Don’t Ask Half Questions

Asking half questions leads to dangerous outcomes. We just saw an example when irresponsible Reuters pollsters looking for a scoop simply asked Americans “should NATO establish a no-fly zone over Ukraine.” They got a resounding 74% approval.

Another pollster asked the question with the qualifier “knowing that this will lead to direct war with Russia” and support dropped to 34%.

A complete question asks “are you willing to accept this downside to gain this upside?” Organizations get an idea, focus on the upside, take a cursory glance at the downside, and then take erroneous or even disastrous decisions. Who has the job of ensuring the downside is examined as well as the upside? You might need someone external to provide this.

There is Always an Alternative

There is always an alternative. Not looking for it is either intellectual laziness or willful manipulation. Margeret Thatcher, Prime Minister of the UK for a decade, was known among friends and enemies alike as “TINA” due to her usual insistence that “There Is No Alternative.”

As an IT leader, you are bombarded with requests to make specific technical decisions. Many of these are attempts to railroad you into choosing a technology that the team would like to play with and put on their CVs. When presented with a single option, ask for more. When one of the options is the obvious slam dunk, examine what has been left out of the presentation of the others. Binary selections are common in computer programming.
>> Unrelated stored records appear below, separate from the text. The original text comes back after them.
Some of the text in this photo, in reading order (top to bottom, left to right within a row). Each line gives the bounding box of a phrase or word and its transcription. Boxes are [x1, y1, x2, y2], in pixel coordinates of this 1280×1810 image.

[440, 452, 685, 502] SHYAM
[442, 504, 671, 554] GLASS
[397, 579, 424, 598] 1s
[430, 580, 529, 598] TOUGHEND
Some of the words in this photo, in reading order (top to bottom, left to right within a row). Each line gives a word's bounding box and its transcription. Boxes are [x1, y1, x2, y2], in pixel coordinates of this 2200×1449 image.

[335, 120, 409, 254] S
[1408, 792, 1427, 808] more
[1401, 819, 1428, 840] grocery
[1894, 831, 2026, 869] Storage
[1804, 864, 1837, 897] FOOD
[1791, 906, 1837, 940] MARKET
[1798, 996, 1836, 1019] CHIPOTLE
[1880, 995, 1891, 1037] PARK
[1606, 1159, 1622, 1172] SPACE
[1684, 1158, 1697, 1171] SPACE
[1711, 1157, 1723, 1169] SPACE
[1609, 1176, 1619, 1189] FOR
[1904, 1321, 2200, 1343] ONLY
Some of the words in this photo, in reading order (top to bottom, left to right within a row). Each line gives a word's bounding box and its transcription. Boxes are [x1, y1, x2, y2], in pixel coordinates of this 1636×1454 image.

In the real world, there are always many choices.

Are you Monitoring Important Systems?

New York is replacing their payphones with LinkNYC access points providing free calls, 911 calls, free WiFi, charging, and more. You would think such a system would warrant professional monitoring. Nevertheless, some of these devices just show a blue screen of error messages followed by a Linux login prompt.

  • Monitoring of crucial systems must include an automated mitigation action and reporting to a 24/7 operations center.
  • Monitoring of important systems needs immediate alerting to staff on call.
  • Monitoring of normal systems only needs to log a trouble ticket to be addressed by regular staff during working hours.
  • Low-priority systems do not need active monitoring.

It seems these kiosks are not as important to the company running the system as they were to the Mayor promising them.

Does every system on your central system list have a monitoring priority? When was the last time you checked with the person with the technical responsibility what monitoring is in place?

Fancy or Usable?

Do you want something that works or something that looks fancy? Sometimes, these two objectives come into conflict. Too often, the IT professionals can’t imagine a solution that does not involve touchscreens and mobile apps.

I’m staying in an upscale hotel in New York this week, and the control panel for heating and lighting is definitely old-school. But it works. And it can be understood and operated by every age group likely to frequent the hotel.

Meanwhile, back in Denmark, we are currently rolling out a new central authentication system. You will have to figure it out in order to do online banking or access public services. It was designed by tech-savvy young people and is very fancy. Too bad it has left hundreds of thousands of non-computer-literate citizens desperately calling the understaffed phone helpline.

Are you sure the solutions you roll out have been tested by the entire target audience?